Non c’è solo un buon motivo per visitare questa mostra: in realtà gli stimoli sono parecchi, come del resto gli spunti di arricchimento.
Berthe Morisot è stata una delle principali e più fedeli espositrici del gruppo impressionista, ha partecipato a tutte le mostre realizzate fra il 1874 e il 1886: ha scelto e perseguito la professione di pittrice, condivisa non solo con i più grandi artisti dell’epoca che frequentavano abitualmente il suo salotto-atelier, ma anche le figure di intellettuali quali Stephan Mallarmé ed Emile Zolà.

Più di ottanta opere, fra dipinti, acqueforti, acquerelli, pastelli, cui si aggiungono documenti fotografici e d’archivio, molti dei quali inediti, che consentono di ripercorrere la vita dell’artista e l’evoluzione della sua pittura. Una pennellata che si rischiara di sala in sala, diventando via via sempre più libera: per molti dei suoi contemporanei il suo lavoro, contraddistinto dal non-finito senza trascurare il disegno, rappresentava l’Impressionismo per eccellenza.
Berthe è una pittrice moderna, che difende il suo status di artista; sposerà Eugene Manet, fratello di Eduard, di cui fu modella, quando avrà “già” 33 anni e continuerà a dipingere firmando con il suo cognome, non con quello da coniugata. Scelta consapevole e autonoma di una donna che difende la sua identità e la sua libertà. Le due sorelle, che come lei avevano intrapreso una carriera artistica, abbandonarono del tutto la pittura una volta sposate, come imponeva la consuetudine del tempo. Berthe invece seguì la sua passione, a cui non volle rinunciare, e che trasmise alla sua unica figlia Julie Manet, della quale alcune opere sono presenti alla mostra di Genova.


Morisot: molto più avanti di chiunque altra sua contemporanea, avanti nel suo modo di pensare, avanti nel modo di dipingere, unica per eleganza e stile, antesignana di un femminismo per cui si dovrà attendere il secolo successivo.

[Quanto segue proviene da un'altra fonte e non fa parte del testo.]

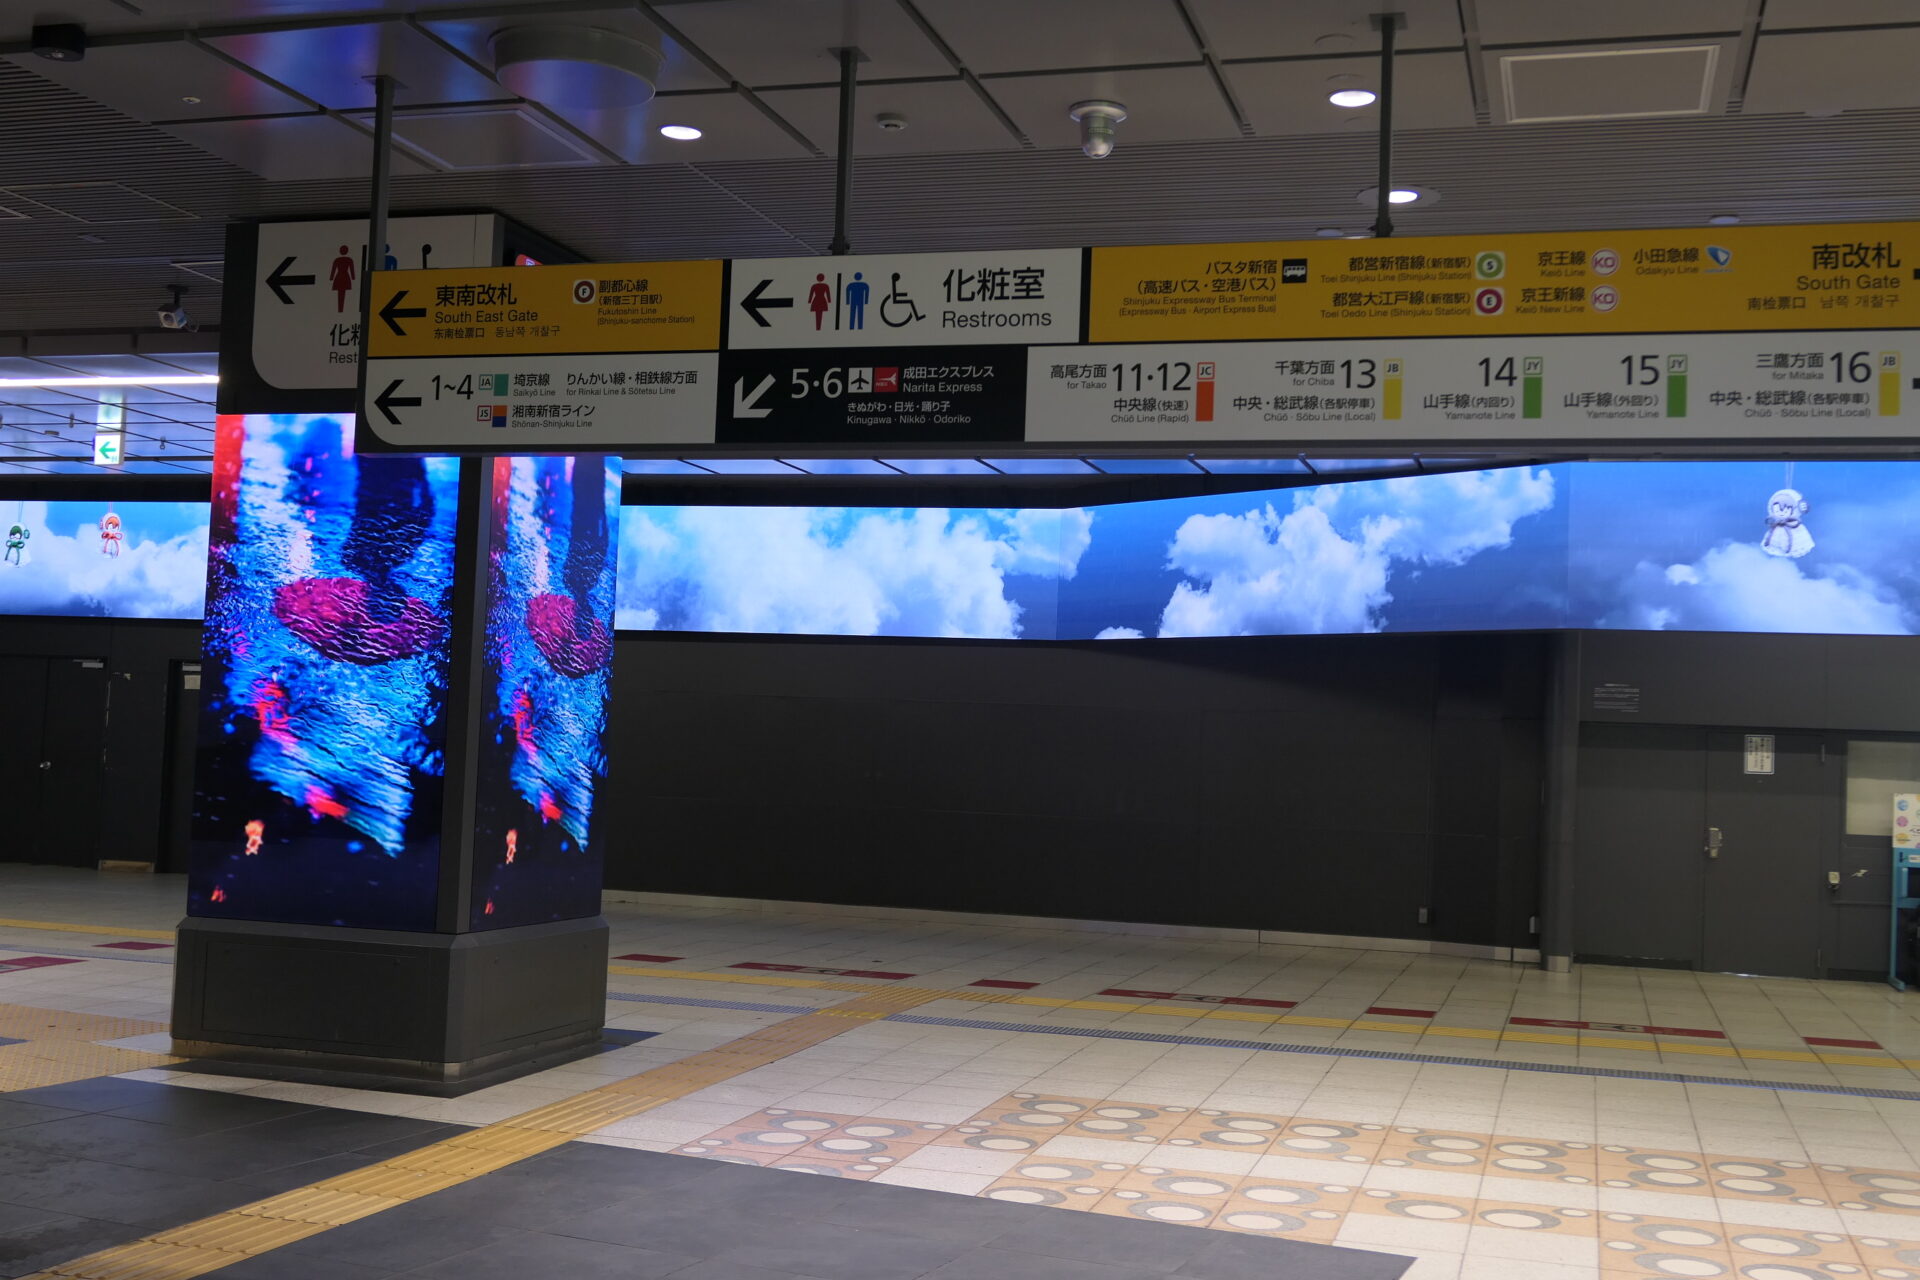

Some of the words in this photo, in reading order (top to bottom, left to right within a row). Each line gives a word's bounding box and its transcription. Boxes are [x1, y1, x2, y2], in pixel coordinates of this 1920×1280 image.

Personalmente, una scoperta ed una piacevole sorpresa: le sue pennellate veloci, la cifra stilistica di un’artista di rilievo, incredibilmente ignorata fino a poco tempo fa, che oggi finalmente viene celebrata per come merita… la prima e sola pittrice impressionista.
Sarà possibile visitare la mostra Impression, Morisot al Palazzo Ducale di Genova fino al 23 febbraio 2025. Orari di apertura al pubblico: lunedì ore 14 – 19, martedì, mercoledì e giovedì: ore 9 – 19, venerdì ore 9 – 20, sabato ore 10 – 20 e domenica ore 10 – 19.